Exercise goal
Print out each record below, unaltered and complete, without its images.

########

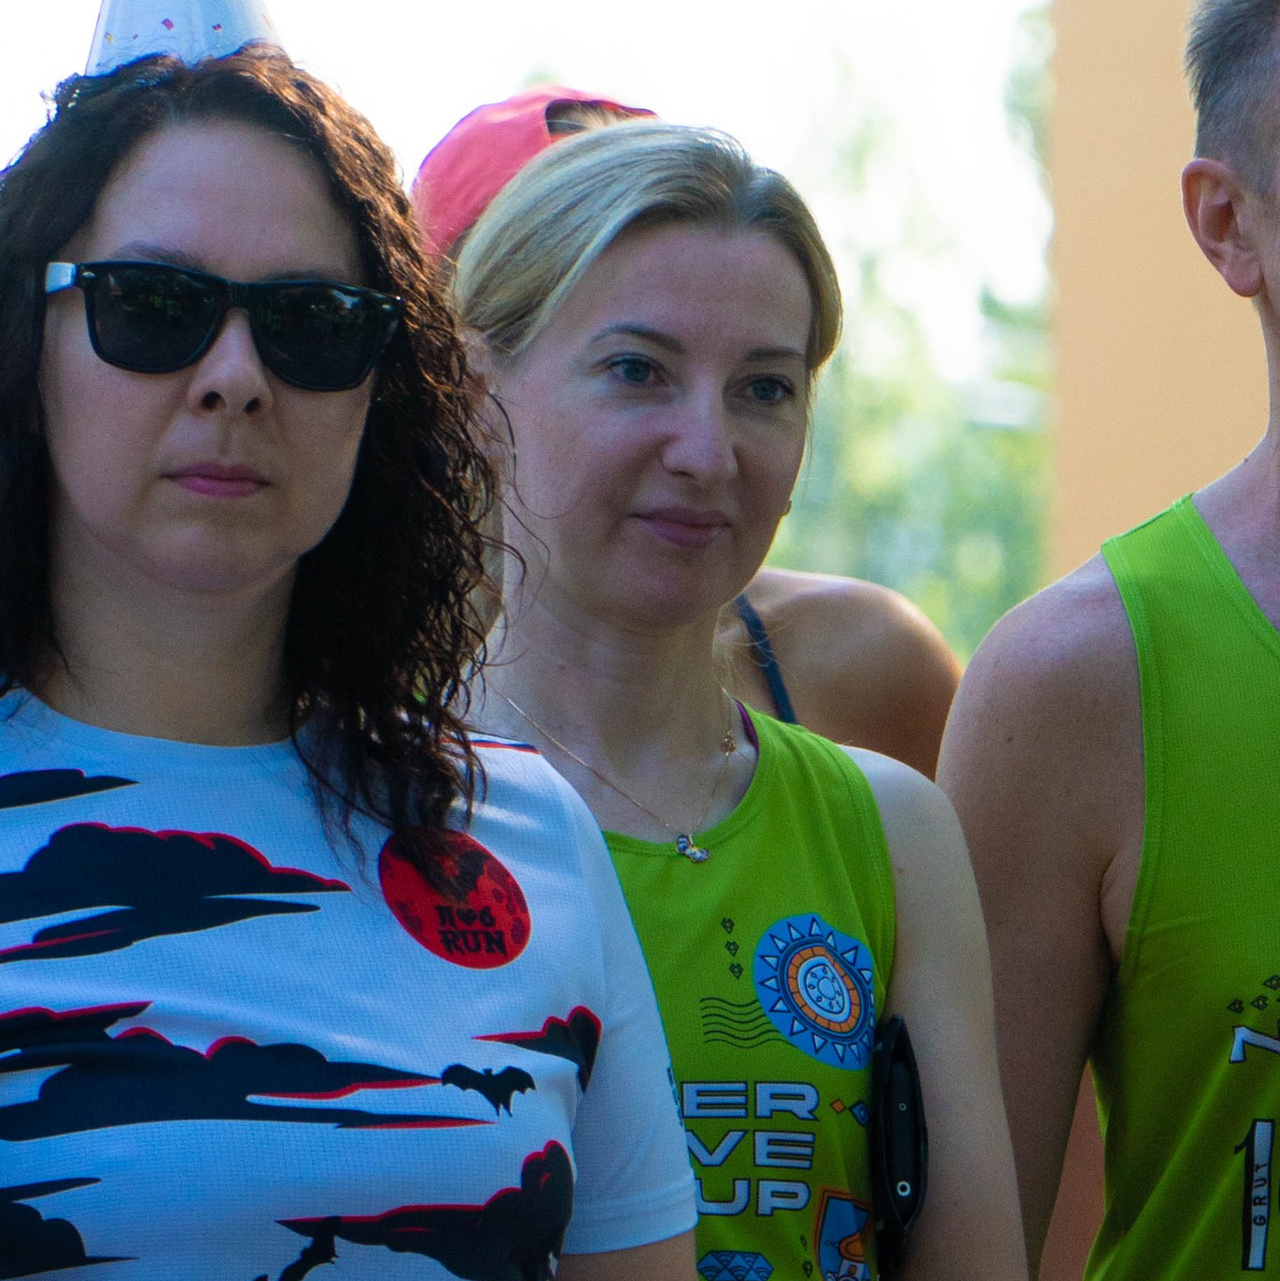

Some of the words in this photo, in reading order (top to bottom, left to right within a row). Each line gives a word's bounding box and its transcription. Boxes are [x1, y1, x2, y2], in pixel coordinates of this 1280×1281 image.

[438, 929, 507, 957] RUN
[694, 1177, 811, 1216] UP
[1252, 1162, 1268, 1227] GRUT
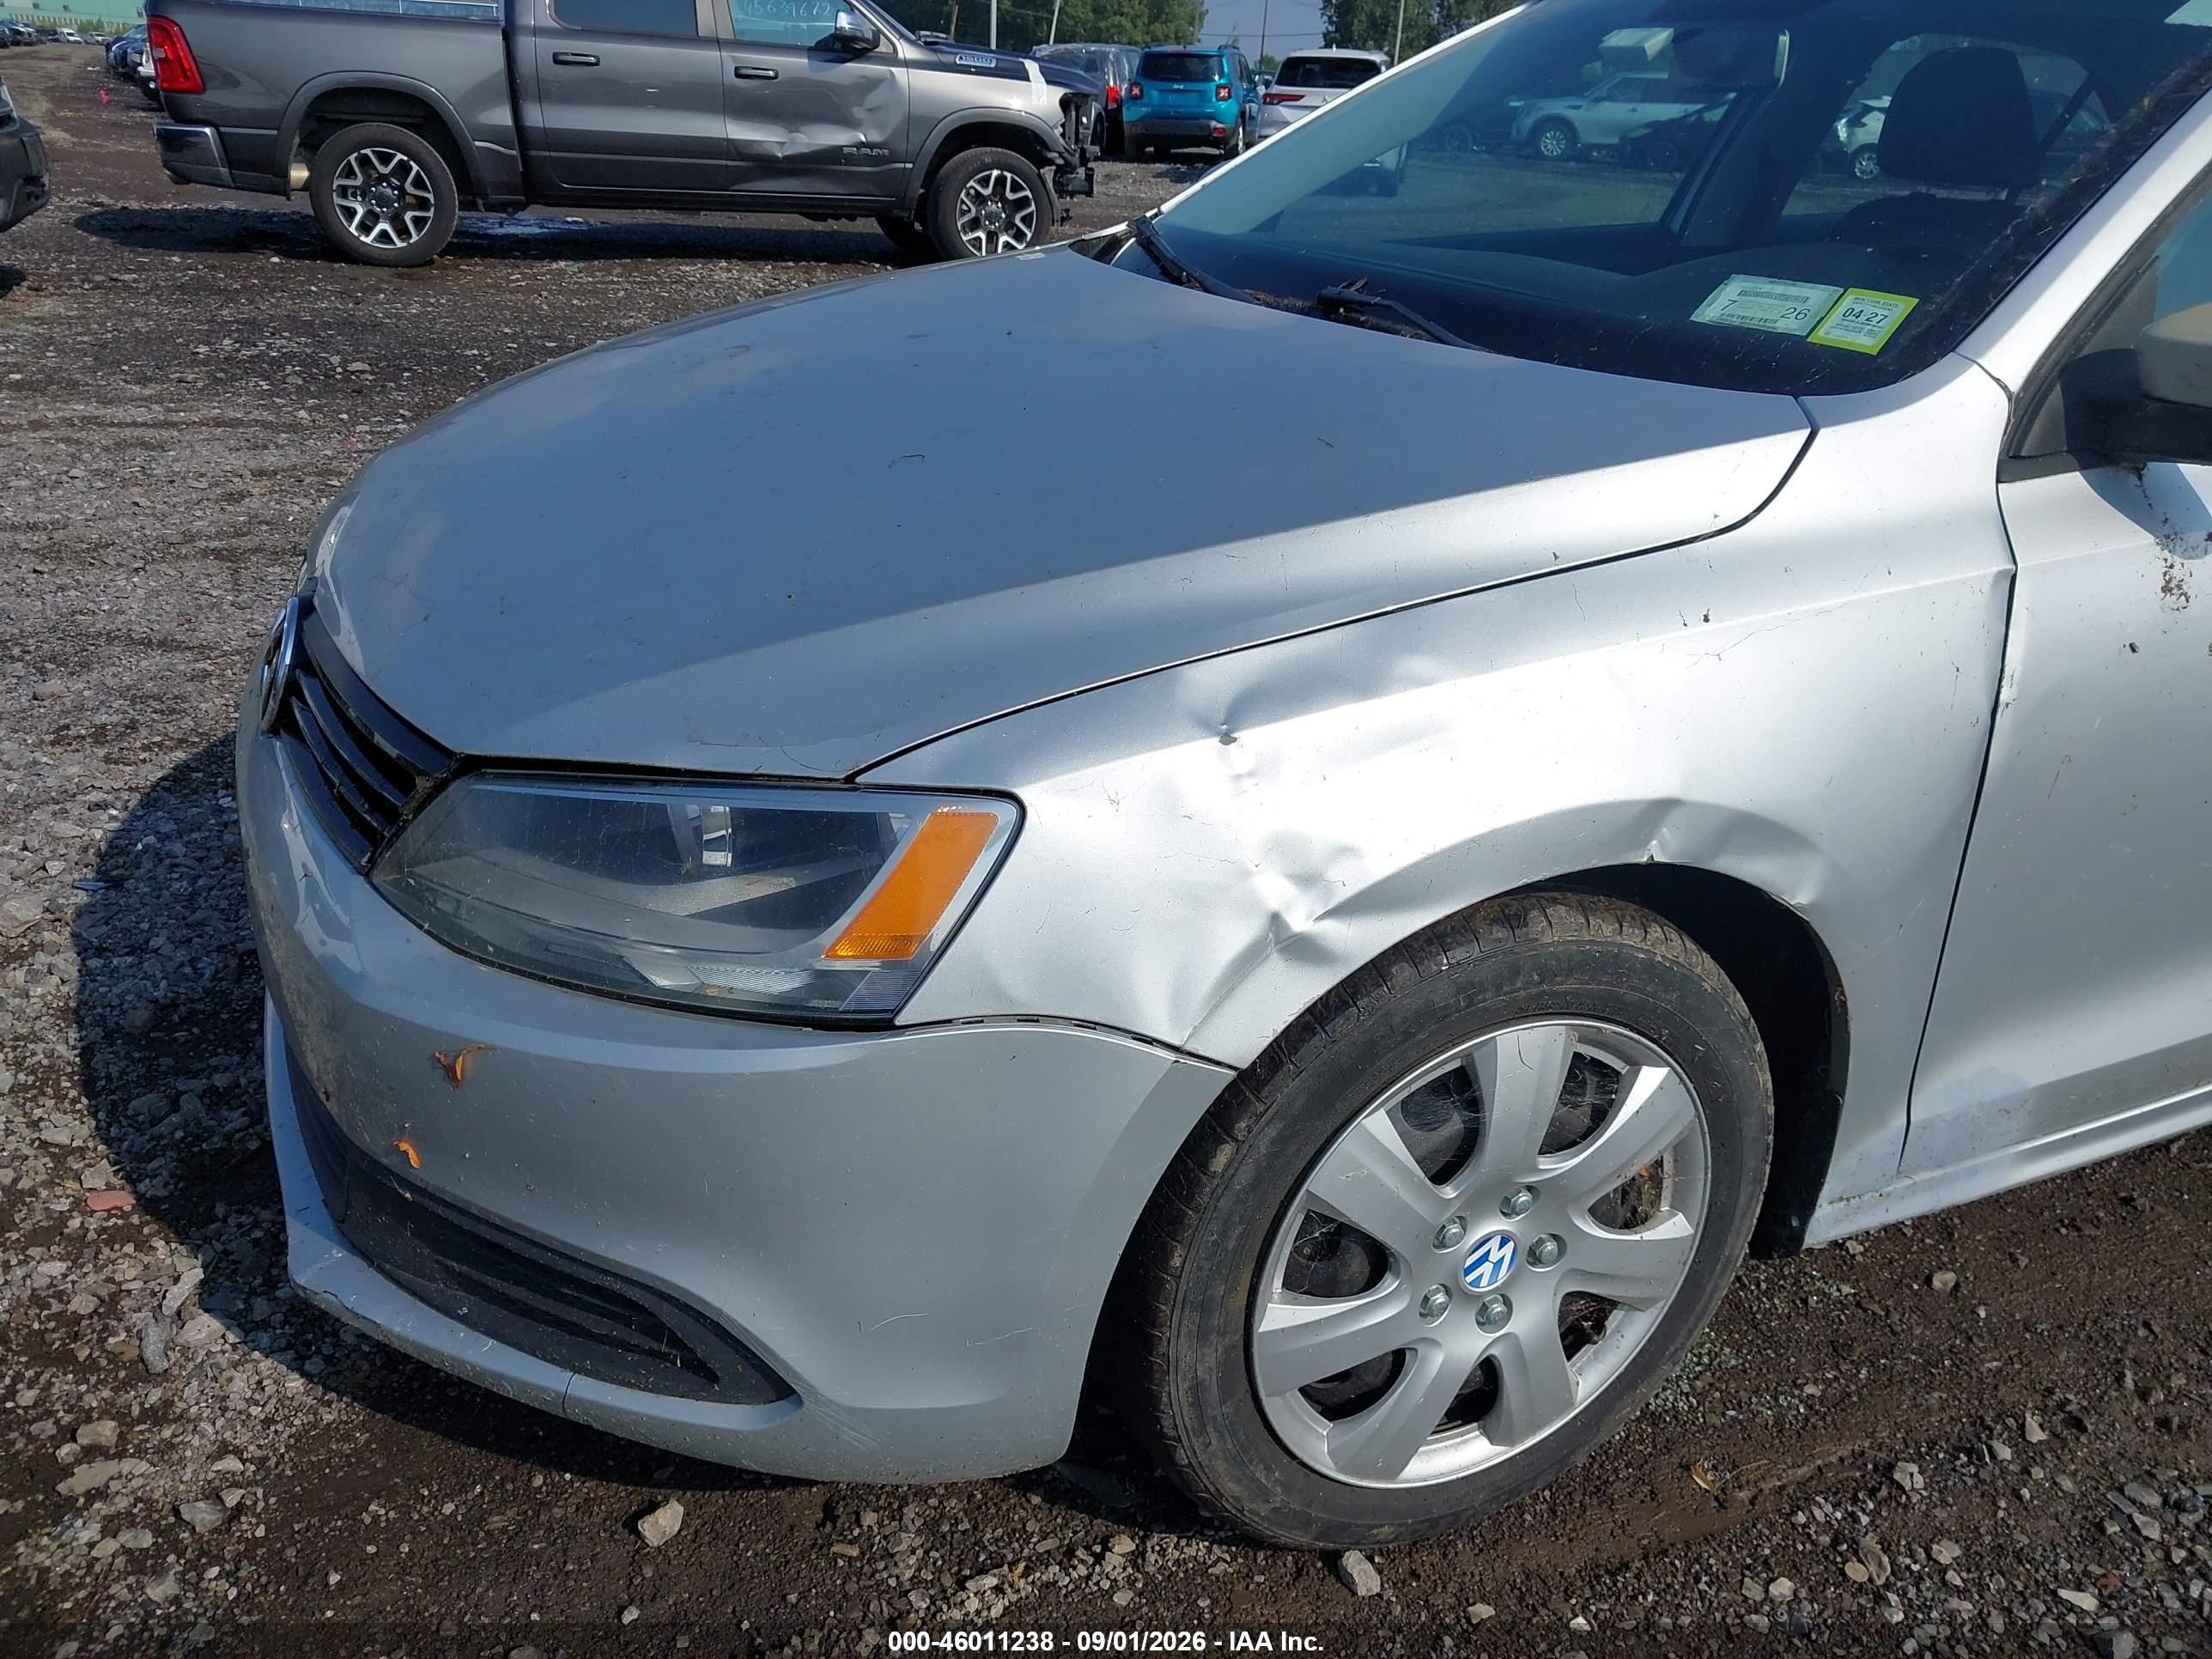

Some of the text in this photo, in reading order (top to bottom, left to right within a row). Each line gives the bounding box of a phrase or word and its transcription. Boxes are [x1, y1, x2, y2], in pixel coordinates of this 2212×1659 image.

########

Response below
Some of the words in this photo, in reading order (top to bottom, left to right within a row). Each line gives a word's bounding box and its transcription. Boxes are [x1, y1, x2, y2], in pixel coordinates of this 1280×1281 image.

[438, 929, 507, 957] RUN
[694, 1177, 811, 1216] UP
[1252, 1162, 1268, 1227] GRUT

Some of the text in this photo, in reading order (top to bottom, left to right within a row). Each line gives the bounding box of a phrase or word and its transcription. Boxes are [x1, y1, x2, y2], in pixel coordinates of this 2212×1659 image.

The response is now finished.